En évitant la surexploitation ou la production dans des pays aux conditions sociales et politiques instables, elles seraient le gage d’un parfum plus éthique et éco-responsable. Une solution rentable et engagée pour la planète.

  

La parfumerie se doit, comme nous tous désormais, de répondre aux défis du dérèglement climatique. 

 

Les notes naturelles sont reconnues pour leur qualité et leur rareté, mais proviennent de ressources épuisables et épuisantes pour la Terre. Les notes synthétiques, malgré leurs origines liées à la pétrochimie, ont pourtant bien des atouts pour répondre aux enjeux du futur de la parfumerie.

De grands parfumeurs investissent de plus en plus dans la chimie verte, lancée il y a une trentaine d’années pour réduire l’utilisation de substances chimiques dangereuses. Elle est encore coûteuse mais permet d’améliorer certaines étapes de production.
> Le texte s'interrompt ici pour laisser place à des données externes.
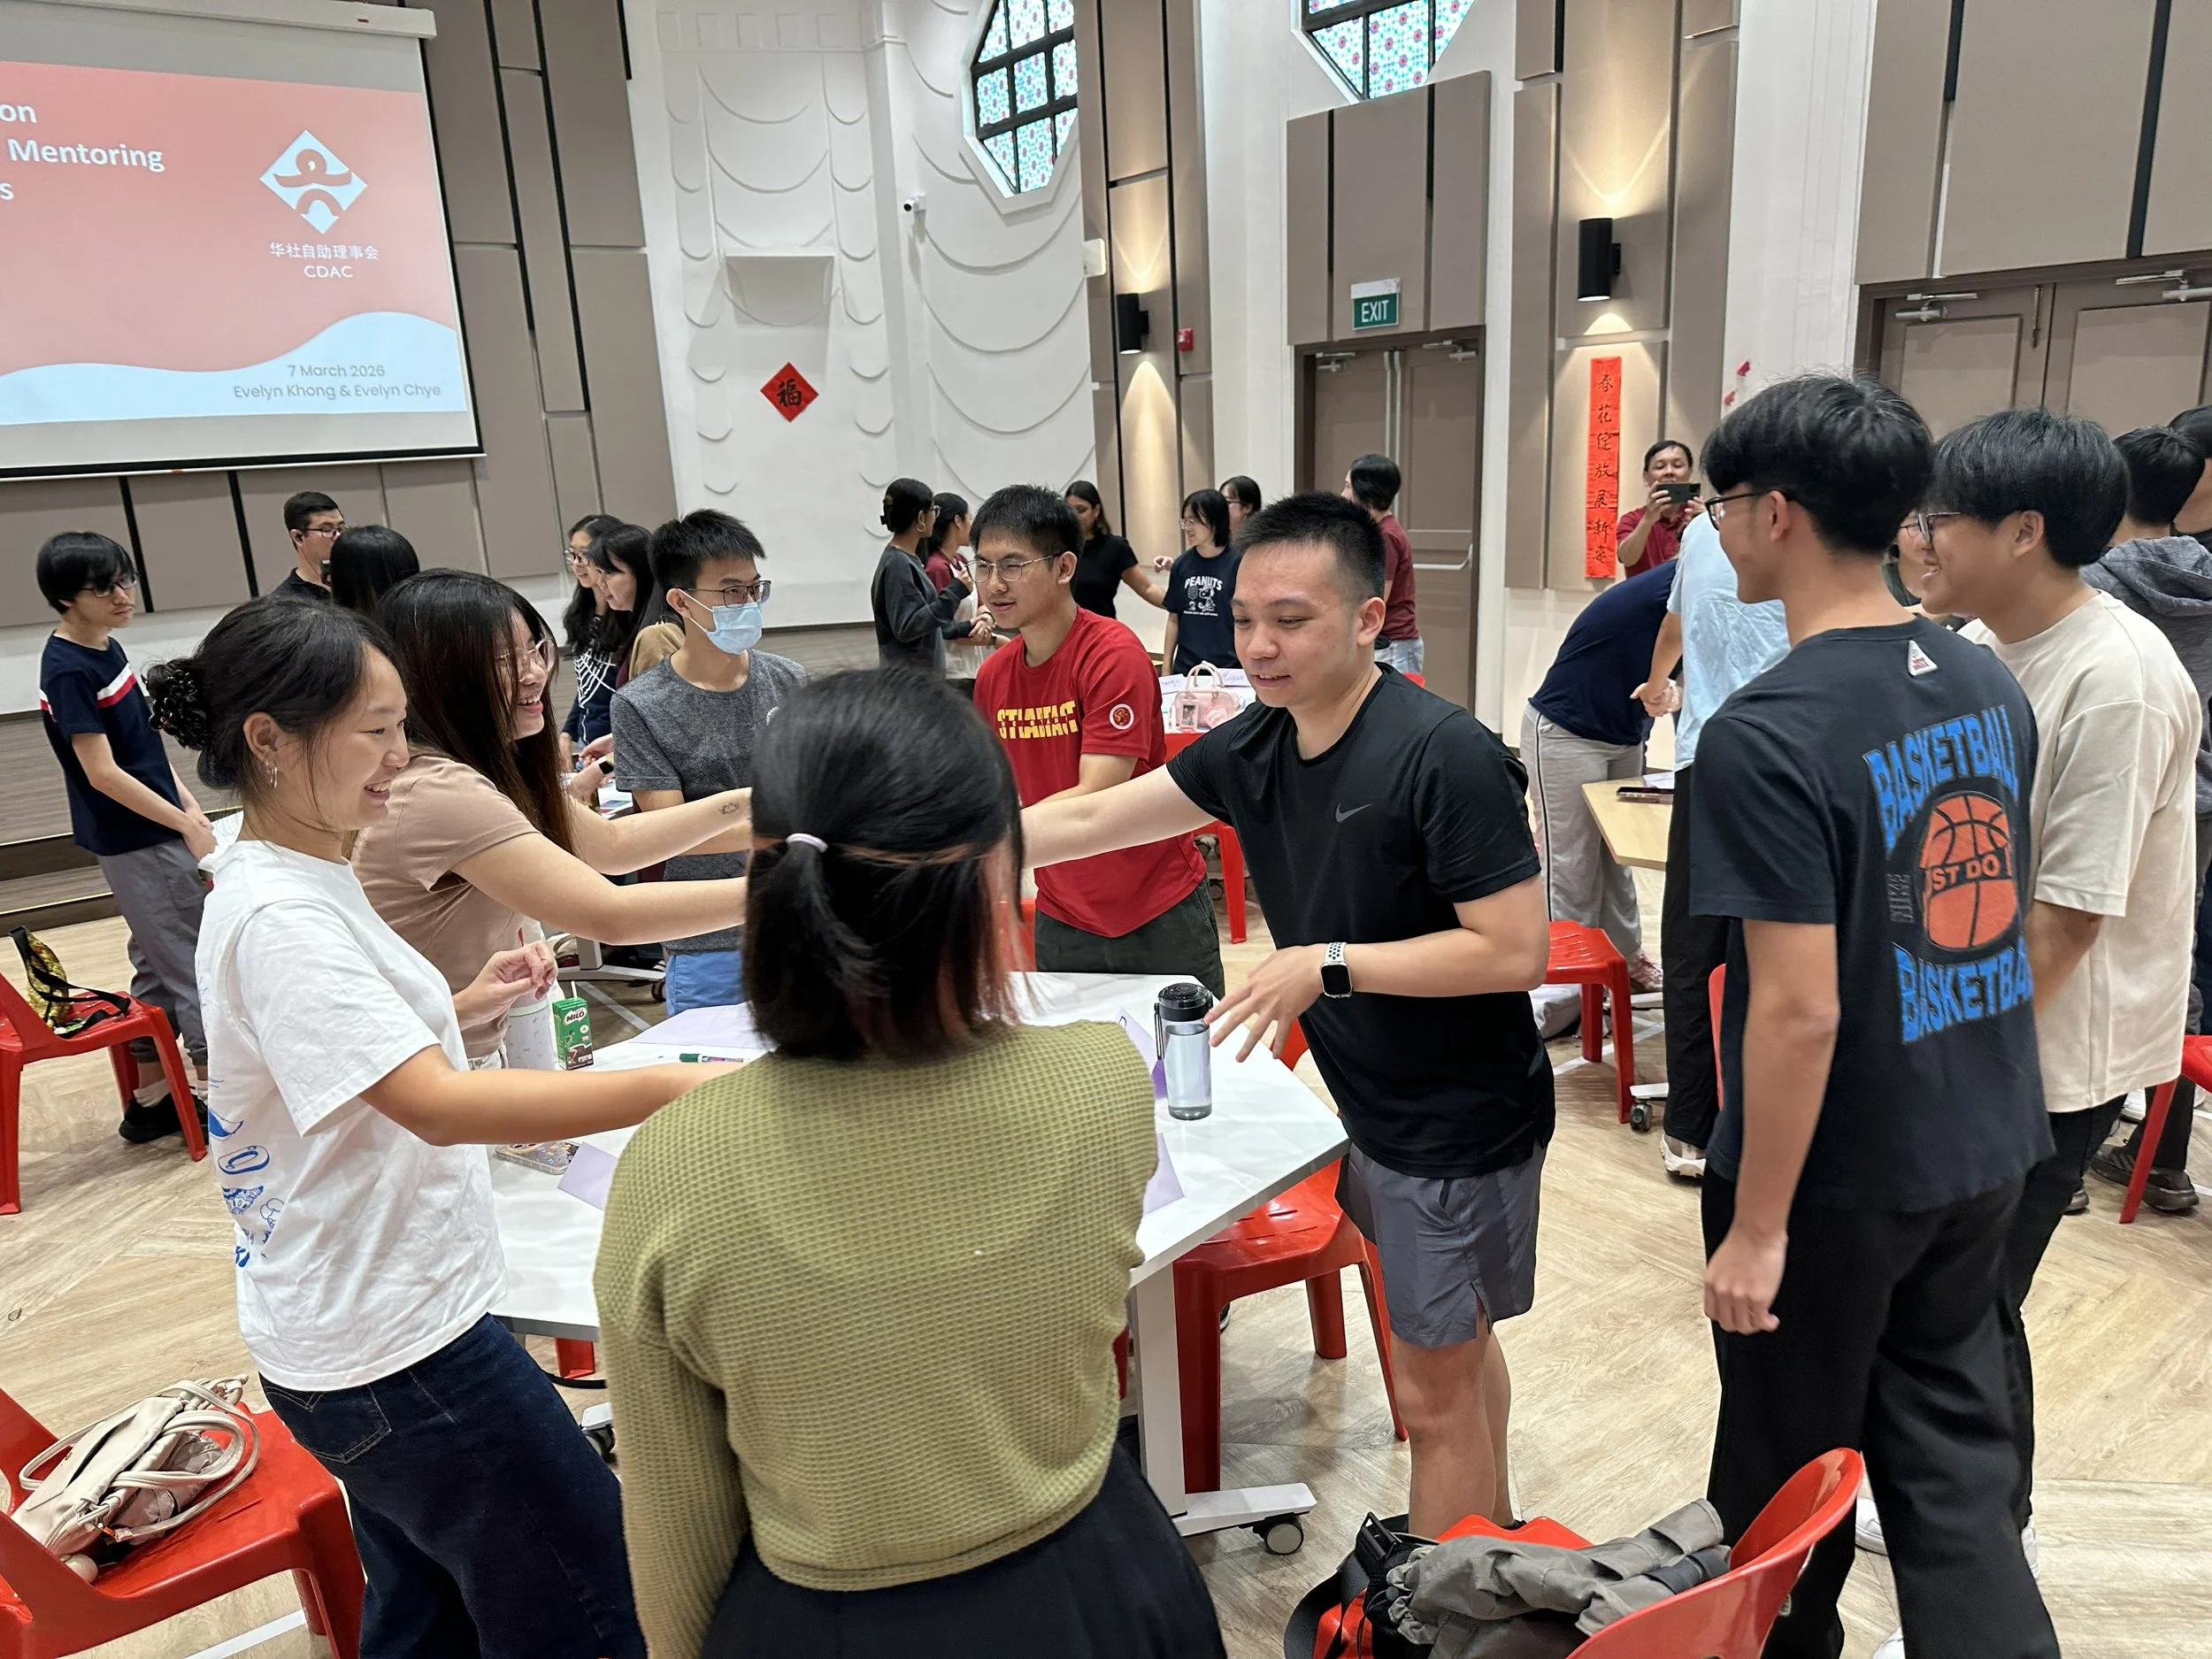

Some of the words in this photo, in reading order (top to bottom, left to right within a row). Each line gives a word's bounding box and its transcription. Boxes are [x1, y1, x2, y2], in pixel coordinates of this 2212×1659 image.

Meilleure gestion des déchets, utilisation de produits chimiques plus sûrs et de solvants moins polluants. 

Serait-ce la clé pour faire face à la hausse de la consommation du parfum ? En 2021, la Chine a connu une augmentation de 21% de sa consommation de parfum. Quand on sait que seulement 5% de la population chinoise se parfume, on ne peut pas négliger l’urgence d’une réflexion sur l'éco-responsabilité de la parfumerie.